What is Epidemiology?

Epidemiology involves studying the occurrence of diseases in human populations. More precisely, people working in this field investigate the causes, distribution, and outcomes of diseases in a given population.

Epidemiology contributes to the whole spectrum of cancer control (prevention, early detection, diagnosis, treatment, rehabilitation and palliation). Cancer epidemiologists within CancerCare Manitoba's Epidemiology Unit primarily study patterns of cancer in the population, trying to determine what factors distinguish people who develop or die from cancer and those who don't. To achieve these investigations, they use basic and advanced statistical methods.

The Epidemiology Unit has become a leader in the area of risk factor surveillance in Manitoba.
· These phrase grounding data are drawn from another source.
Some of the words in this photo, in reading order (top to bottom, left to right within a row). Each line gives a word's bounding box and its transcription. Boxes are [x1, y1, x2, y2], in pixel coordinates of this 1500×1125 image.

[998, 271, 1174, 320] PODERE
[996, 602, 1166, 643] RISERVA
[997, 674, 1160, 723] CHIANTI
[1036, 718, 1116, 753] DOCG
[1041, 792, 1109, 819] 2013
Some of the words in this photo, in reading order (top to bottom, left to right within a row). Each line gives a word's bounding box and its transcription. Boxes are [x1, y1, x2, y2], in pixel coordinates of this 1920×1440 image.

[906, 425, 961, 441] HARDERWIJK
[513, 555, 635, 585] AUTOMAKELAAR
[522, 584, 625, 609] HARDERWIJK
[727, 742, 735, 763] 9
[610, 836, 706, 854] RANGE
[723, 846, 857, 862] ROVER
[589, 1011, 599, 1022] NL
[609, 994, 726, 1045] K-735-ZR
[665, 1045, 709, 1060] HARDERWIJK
Current projects span the cancer spectrum and include:

  • youth health initiatives (youth smoking and tobacco use, Manitoba's physical education policy)
  • with our partners, developing a Chronic Disease Risk Factor Surveillance System
  • studies on wait times (head and neck, breast cancer surgery, colorectal cancer diagnosis and treatment)
  • colorectal cancer and screening research
  • epidemiology and surveillance of HPV (Human Papilloma Virus) and the HPV vaccine in Manitoba
  • risk of cervical abnormalities and cervical cancer among women with IBD (Irritable Bowel Disease)
  • association between cyanobacterial toxins and liver cancer
  • establishment of a prostate tumour bank
  • patterns of care for treatment of cervical cancer in Manitoba and construction of a detailed model of invasive cervical cancer
  • the patient needs studies and validating a measure of patient empowerment
  • Manitoba First Nations and Metis health research

Cancer Survival and Prevalence Analytic Network

Manitoba continues to break new ground in the field of cancer surveillance and is home to the Cancer Survival and Prevalence Analytic Network or C-SPAN - one network in a group of Cancer Surveillance and Epidemiology Networks funded by the Canadian Partnership Against Cancer (CPAC). Its goal is to provide in-depth cancer surveillance information, intending to build analytic capacity and integrate knowledge translation strategies.
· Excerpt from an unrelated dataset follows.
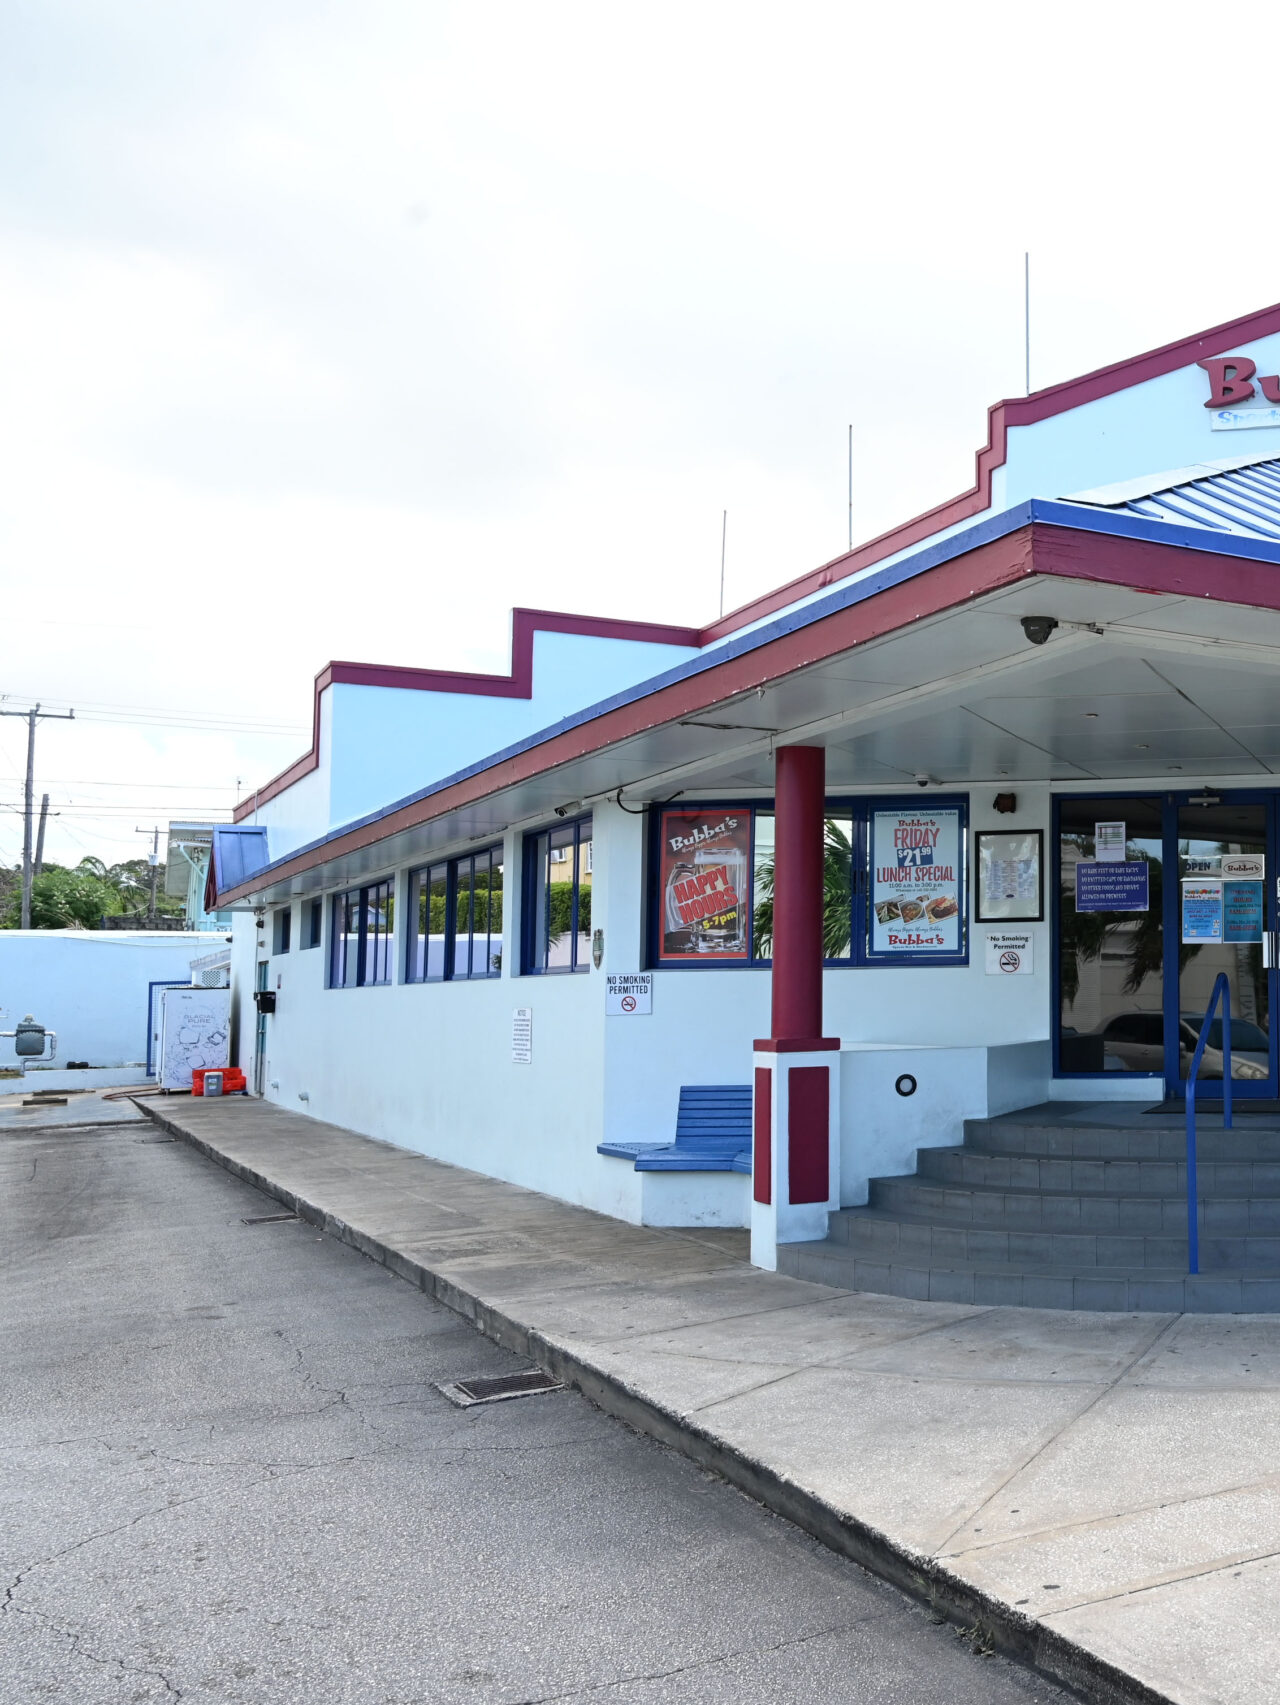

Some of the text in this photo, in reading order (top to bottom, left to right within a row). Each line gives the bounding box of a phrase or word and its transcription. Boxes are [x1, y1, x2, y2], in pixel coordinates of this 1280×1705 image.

For years cancer surveillance analysts have been providing a wide range of statistics to the health community. The assumption was these carefully researched reports would be used to develop programs to control cancer. But are these reports hitting the mark? Is the population benefiting from what the data are showing? Are comparable analytic tools being used? And do we explain well enough why sometimes the statistics can justifiably vary?
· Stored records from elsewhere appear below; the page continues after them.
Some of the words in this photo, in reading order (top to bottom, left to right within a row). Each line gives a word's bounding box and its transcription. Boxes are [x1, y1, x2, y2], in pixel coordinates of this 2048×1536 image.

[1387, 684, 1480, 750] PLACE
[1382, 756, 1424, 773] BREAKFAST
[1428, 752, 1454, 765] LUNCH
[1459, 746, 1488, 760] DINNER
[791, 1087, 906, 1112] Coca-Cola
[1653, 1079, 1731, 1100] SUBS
Reaching out to the end-users to design reports to fit with what they need marks the beginning of a new era in cancer surveillance and the Cancer Survival and Prevalence Analytic Network (C-SPAN) is proud to be one of the leaders of leading this initiative.

Survivorship statistics including relative survival and prevalence are important to cancer control. To use the information as effectively as possible, both the analysts and the end-users need to be consulted in the development phase. Based at CancerCare Manitoba, C-SPAN has been connecting with both analytic and user audiences in Manitoba and across the country to determine the best presentation of cancer survival and prevalence information.

C-SPAN is also working closely with analysts across the country to address one of the most significant barriers in cancer control today - the lack of analytic capacity within the provinces and territories to allow the appropriate calculation and production of cancer surveillance statistics for their jurisdictions.